Obama, "l'America è risorta". Queste le parole del presidente nel suo sesto e penultimo discorso sullo stato dell'Unione. Un discorso incisivo, forte. E pieno di promesse per il futuro. Un Barack Obama ottimista e combattivo, insomma, come non lo si vedeva da mesi. Specie dopo il flop delle elezioni di midterm, che ha permesso ai Repubblicani di ottenere la maggioranza sia alla Camera che al Senato.

Anche il livello di gradimento è tornato ai livelli del 2013, dopo mesi di contrazione. Grande vittoria quindi per Obama, che ne è ben consapevole.

E infatti non ha mancato di sottolineare i traguardi raggiunti durante i suoi mandati. Sanità (leggermente) più equa, riapertura del dialogo con Cuba, ma soprattutto ripresa dell'economia. Con oltre 11 milioni di nuovi posti di lavoroe il dimezzamento del deficit pubblico, Obama afferma che gli USA sono ufficialmente pronti a ripartire. E a lasciarsi alle spalle una crisi che ancora colpisce le altre nazioni. Soprattutto in Europa.

Obama, l'America è uscita dalla crisi. E noi?

Una crisi che è partita proprio dall'America, tra l'altro. Non che ci si aspettasse davvero che la crescita economica degli anni 2000-2006 sarebbe durata per sempre. Di sicuro, però, il comportamento delle banche americane non è stato d'aiuto.

Tra lo scandalo dei mutui subprime e il fallimento della Lehman Brothers, gli USA hanno avuto un ruolo determinante nel dare l'avvio alla peggiore crisi economica dai tempi della Grande Depressione.

E proprio le banche americane sono state al centro delle principali misure anti crisi attuate da Obama.
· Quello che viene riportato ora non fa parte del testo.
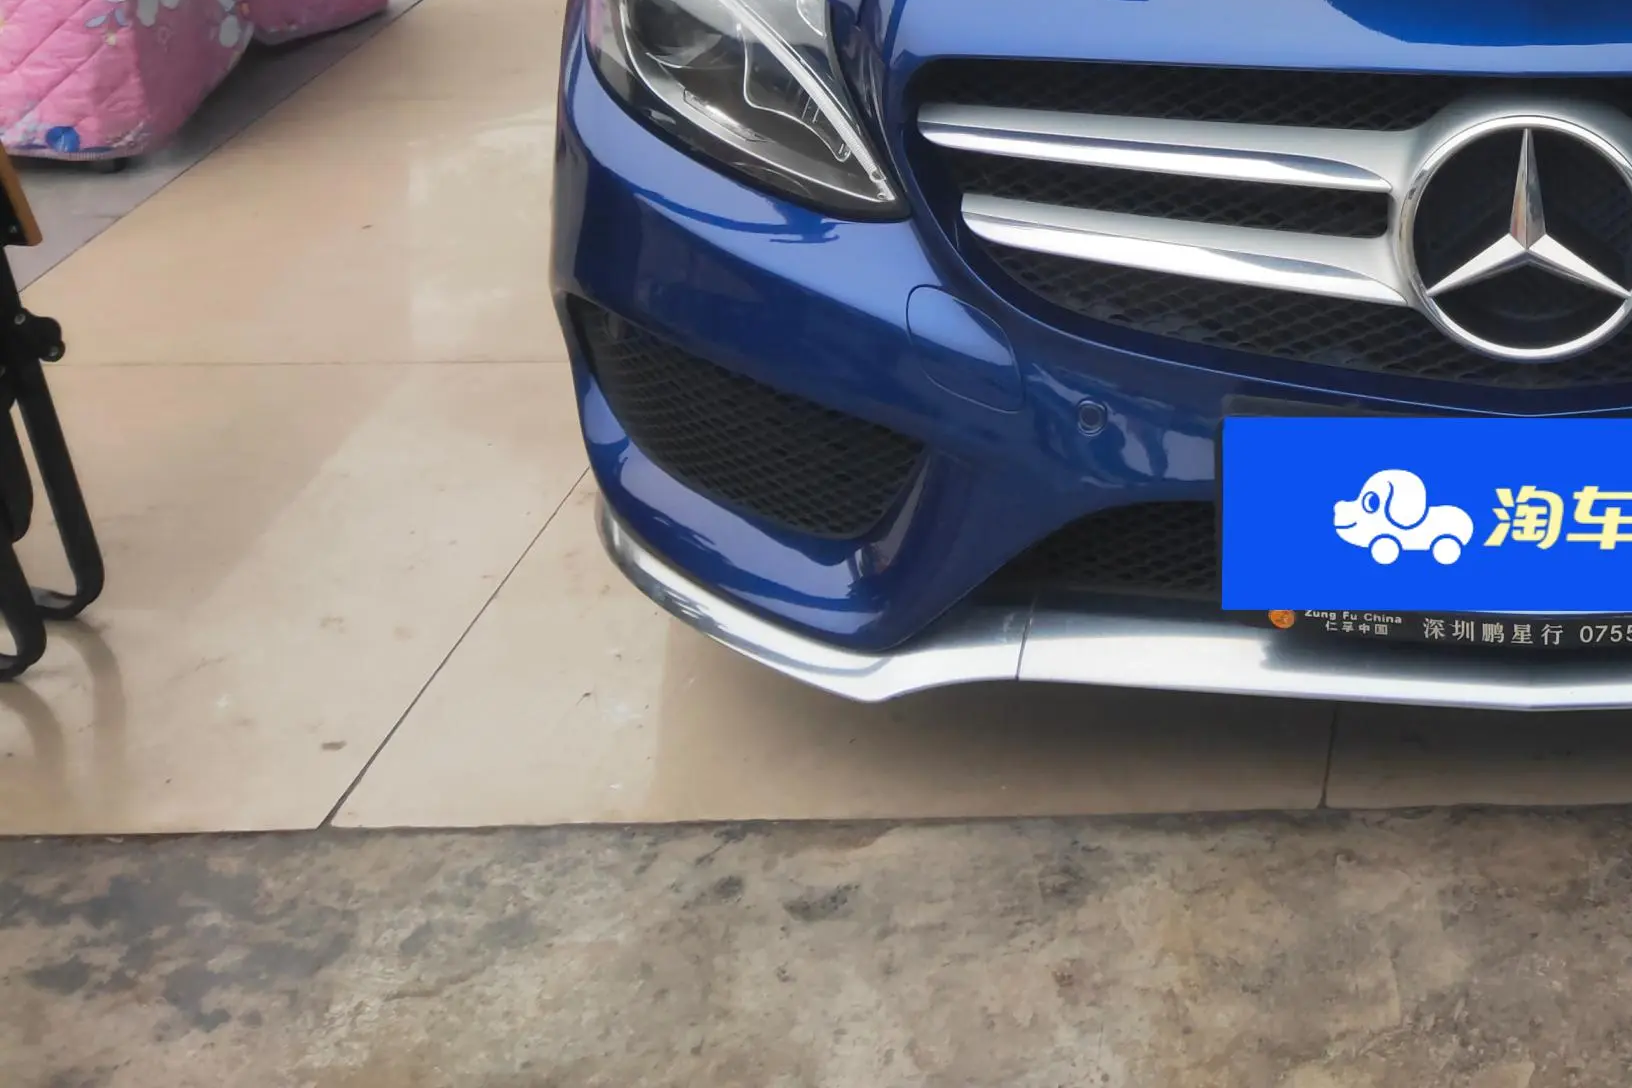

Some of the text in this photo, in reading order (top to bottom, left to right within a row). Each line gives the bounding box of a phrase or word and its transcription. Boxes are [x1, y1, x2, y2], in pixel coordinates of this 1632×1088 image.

[1304, 610, 1402, 624] Zung Fu China
[1422, 617, 1564, 645] 深圳鹏星行
Tra queste, un'imponente opera di rifinanziamento, simile a quanto la Bce sta facendo con gli istituti europei.

Fondi che, dalle banche, sono poi arrivati ai cittadini americani. E alle imprese, contribuendo così alla creazione di nuovi posti di lavoro. E rimettendo in moto l'economia degli Stati Uniti a piccoli passi.

E se ora Obama è fiducioso di avercela fatta, lo stesso non si può dire per l'Italia. Perché nonostante qui si dica che i ristoranti sono sempre pieni, la crisi c'è.

E si sente. Nell'economia che stenta a ripartire. Nella fatica di chi non riesce ad arrivare a fine mese. E nel senso di fallimento di chi perde la propria impresa dopo una vita di sforzi e sacrifici.

Una crisi che purtroppo continua a penalizzare chi ha meno, insomma. E che per risolversi non può prescindere dallacreazione di occupazione. Ma per questo, oltre alla buona volontà degli imprenditori, servono tutele solide e una maggiore semplificazione da parte dello Stato. E servono iniziative che portino alla creazione di un "modello economico che porti adaumenti generalizzati di reddito e dia opportunità a chiunque faccia uno sforzo". Queste sono state le parole di Obama.

Parole belle e giuste, sia chiaro.

Ma solo parole per il momento. Tanto in America, quanto in Italia. Soprattutto in Italia, dove i lavori procedono a rilento o non procedono affatto. A maggior ragione ora che Napolitano si è dimesso. Ma il tempo per le parole è finito da un pezzo. "Siamo ad un passaggio chiave per uscire dalla palude - spiega Renzi - non possiamo permetterci errori né incidenti". Che la fine della crisi sia finalmente in vista anche qui in italia? O come al solito noi saremo il fanalino di coda d'Europa?